# [TASK ITEM]
Return exactly the lines from the "this 1718×1288 image." line through the last line of the entries below. Include no pictures.
EXTRACTED ENTRIES Start Marker
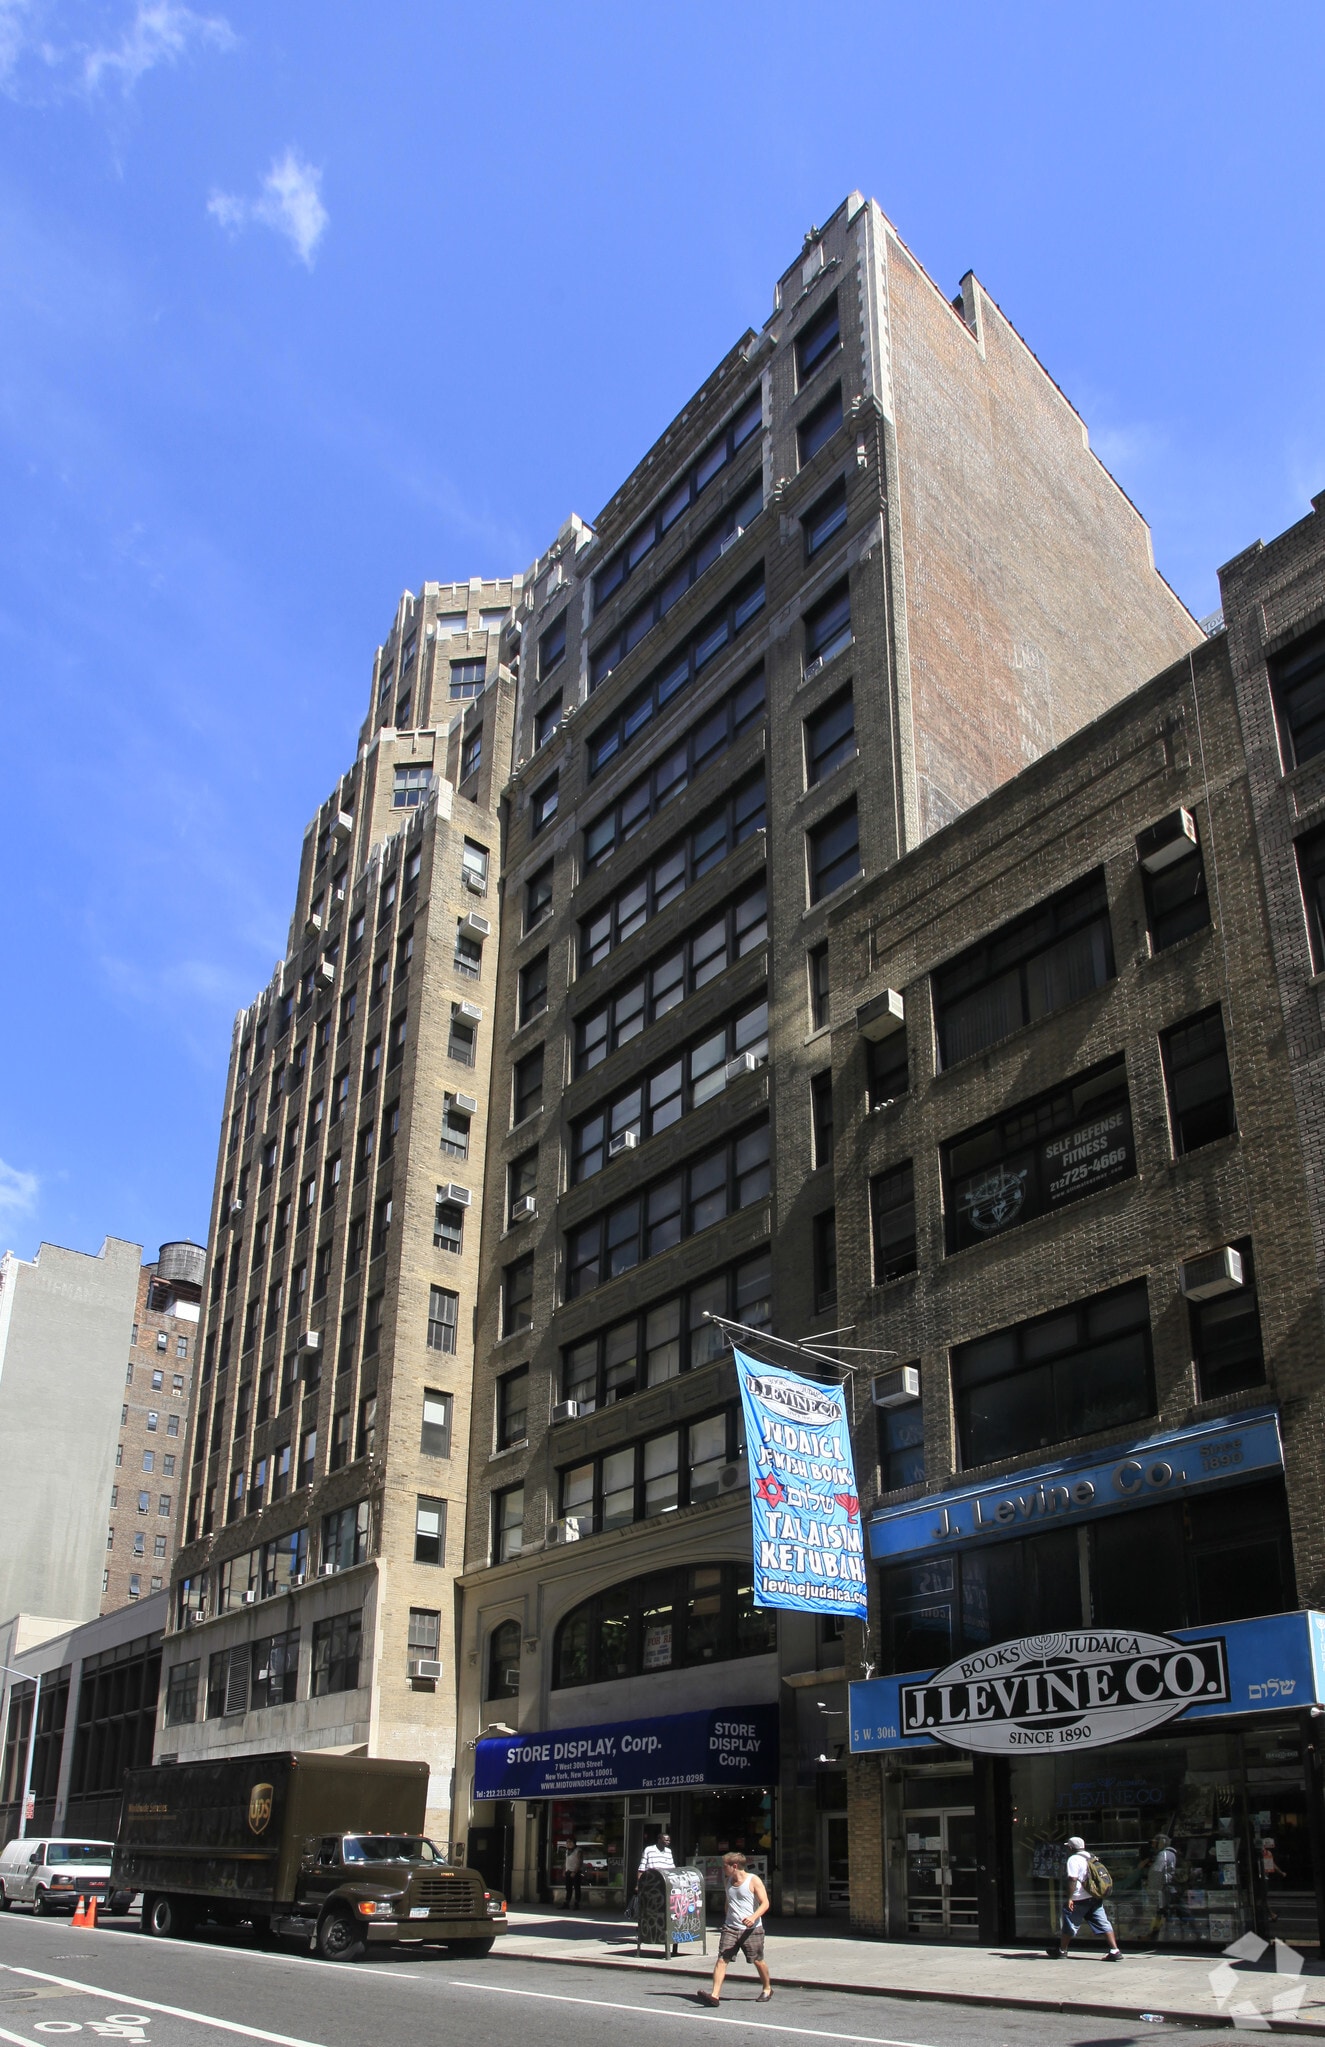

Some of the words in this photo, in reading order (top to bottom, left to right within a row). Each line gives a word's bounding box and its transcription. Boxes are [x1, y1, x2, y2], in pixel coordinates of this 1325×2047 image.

[1046, 1137, 1071, 1159] SELF
[1073, 1112, 1124, 1146] DEFENSE
[1062, 1136, 1108, 1167] FITNESS
[1200, 1437, 1243, 1458] Since
[758, 1445, 809, 1479] JEWISH
[1203, 1451, 1243, 1472] 1890
[786, 1483, 835, 1514] שלום
[931, 1509, 960, 1539] J.
[973, 1480, 1096, 1529] Levine
[1111, 1460, 1187, 1495] Co.
[765, 1510, 863, 1554] TALAISIM
[960, 1646, 1021, 1679] BOOKS
[1065, 1636, 1142, 1655] JUDAICA
[1125, 1652, 1218, 1702] CO.
[1248, 1678, 1296, 1700] שלום
[714, 1722, 756, 1737] STORE
[854, 1729, 860, 1742] 5
[863, 1728, 874, 1740] W.
[877, 1726, 897, 1739] 30th
[1009, 1731, 1054, 1744] SINCE
[1059, 1725, 1092, 1743] 1890
[507, 1744, 551, 1764] STORE
[554, 1737, 617, 1760] DISPLAY,
[621, 1735, 662, 1754] Corp.
[709, 1736, 761, 1752] DISPLAY
[555, 1763, 559, 1771] 7
[559, 1762, 572, 1771] West
[573, 1761, 586, 1770] 30th
[586, 1760, 603, 1769] Street
[719, 1753, 751, 1769] Corp.
[541, 1777, 618, 1790] WWW.MIDTOWNDISPLAY.COM
[545, 1773, 556, 1781] New
[570, 1771, 582, 1779] New
[582, 1770, 594, 1778] York
[595, 1768, 613, 1777] 10001
[657, 1773, 704, 1786] 212.213.0298
[250, 1798, 270, 1826] ups
[509, 1800, 516, 1812] 7
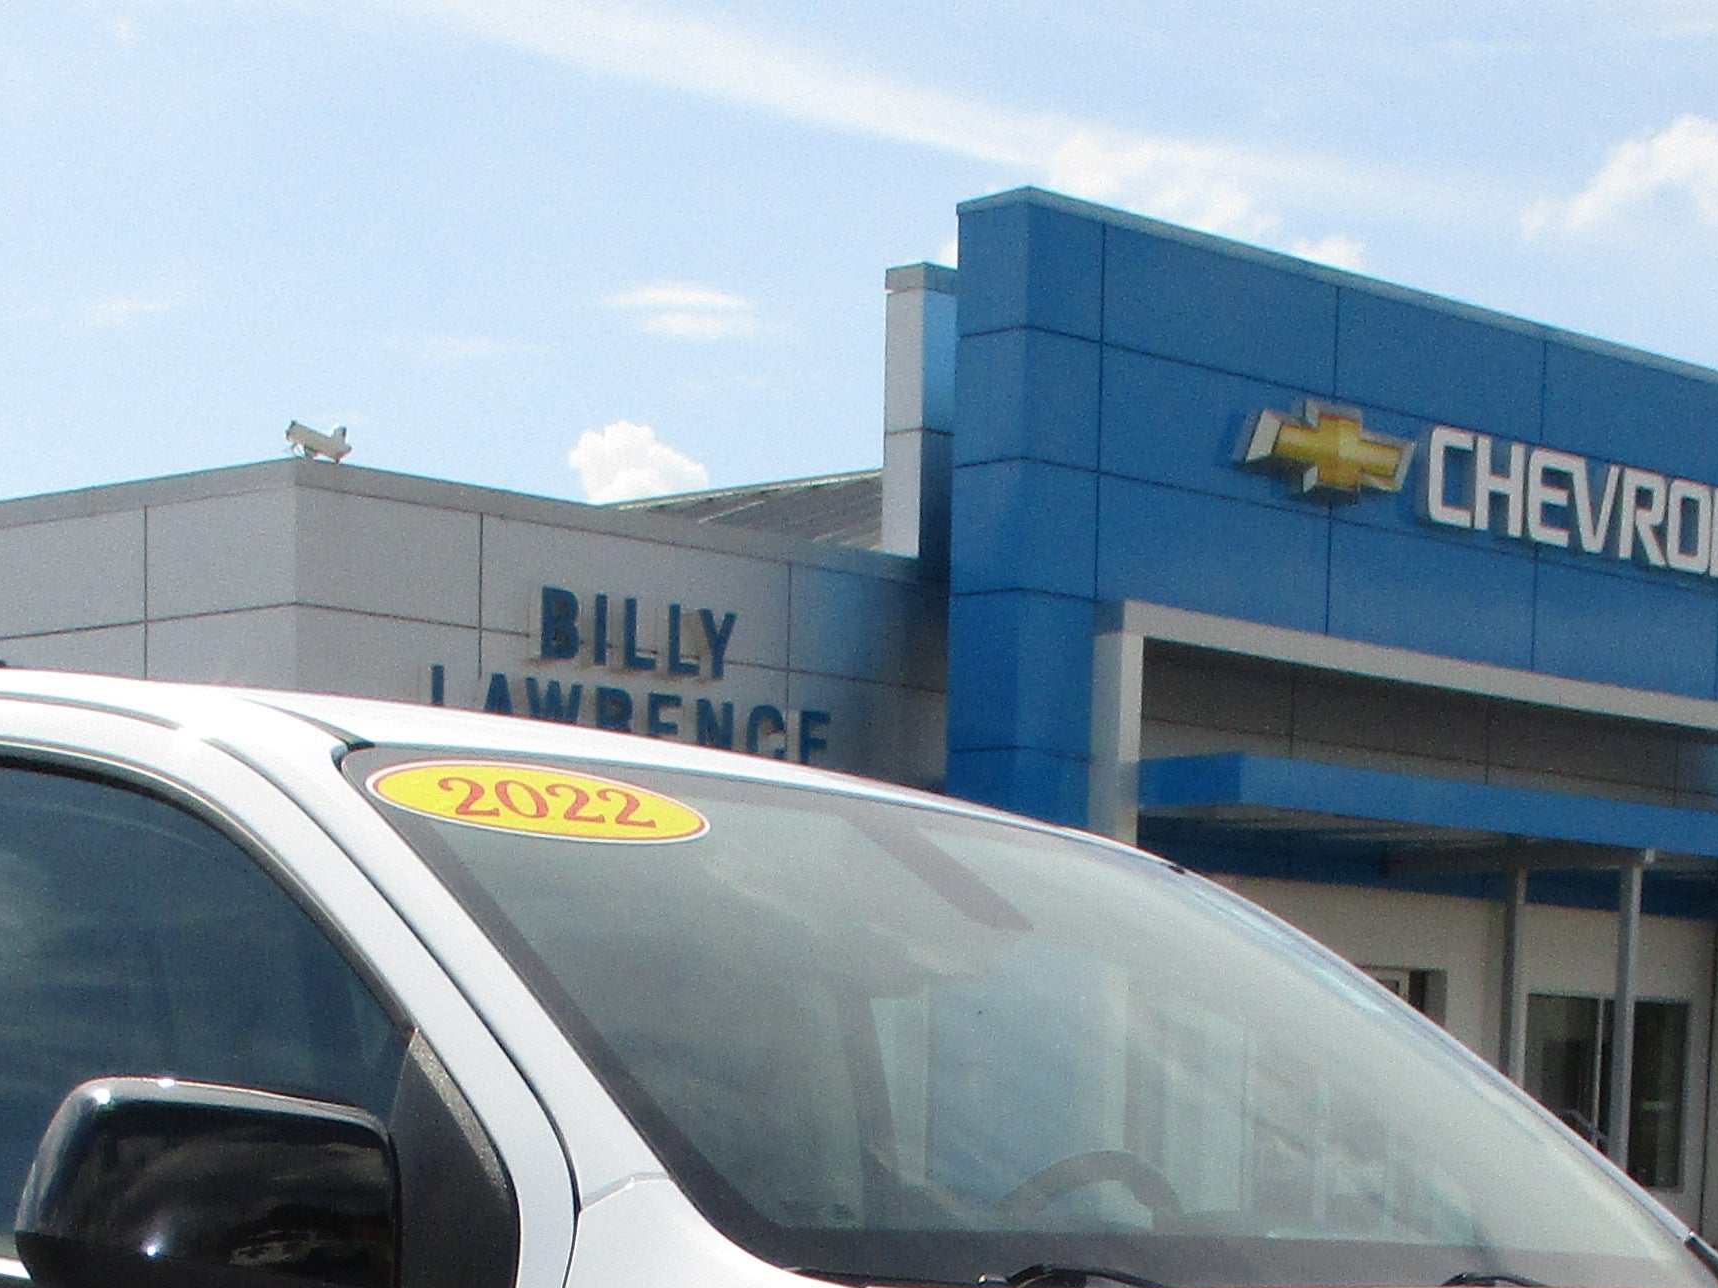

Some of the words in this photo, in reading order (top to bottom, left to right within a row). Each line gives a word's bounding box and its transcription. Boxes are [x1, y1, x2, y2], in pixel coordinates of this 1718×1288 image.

[539, 585, 738, 679] BILLY
[430, 663, 832, 765] LAWRENCE
[437, 774, 657, 830] 2022
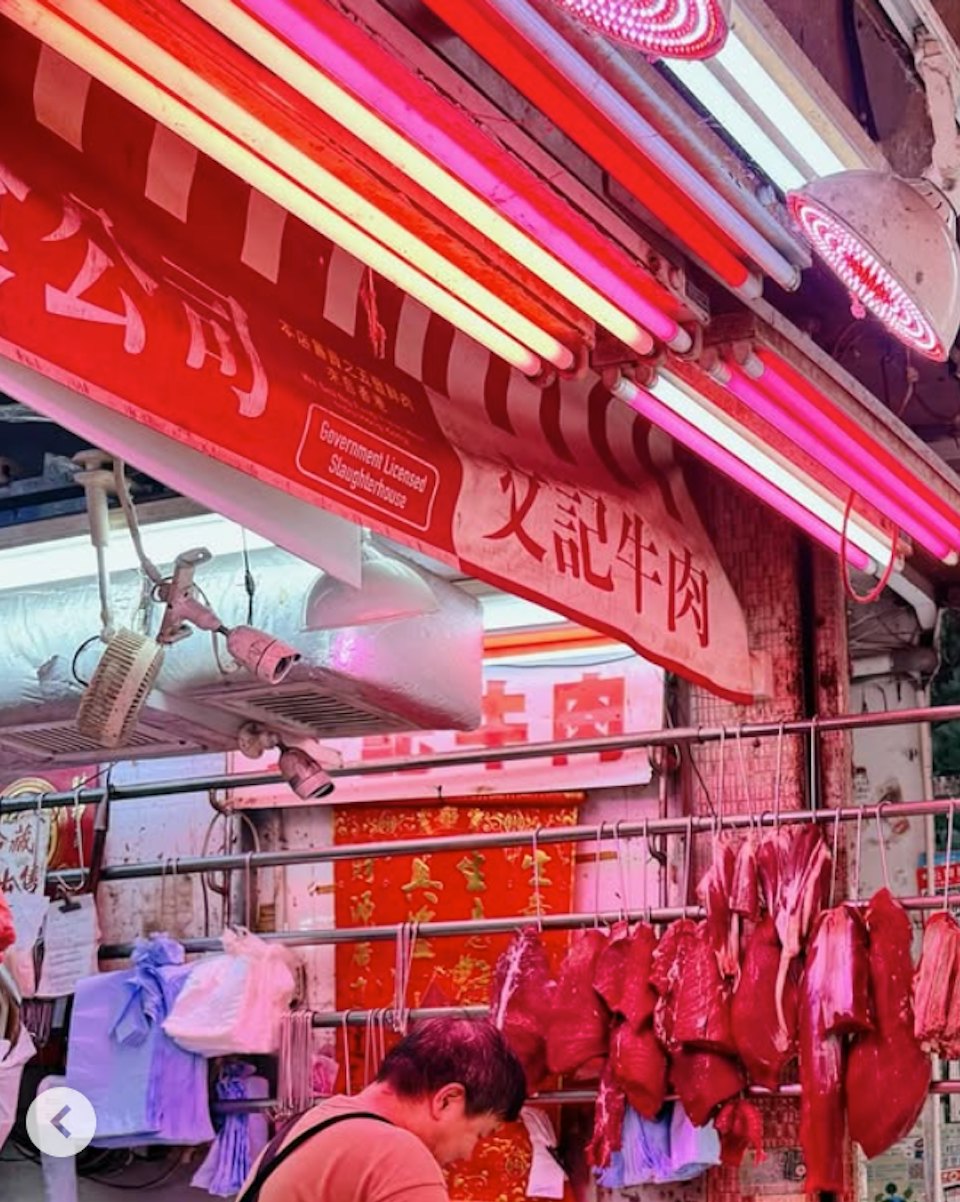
EXTRACTED ENTRIES End Marker
# [EXERCISE RESULT]
Some of the words in this photo, in reading order (top to bottom, left to right within a row). Each line gives a word's bounding box and its transcription. Boxes are [x1, y1, x2, y2], in pixel coordinates of this 1718×1288 image.

[539, 585, 738, 679] BILLY
[430, 663, 832, 765] LAWRENCE
[437, 774, 657, 830] 2022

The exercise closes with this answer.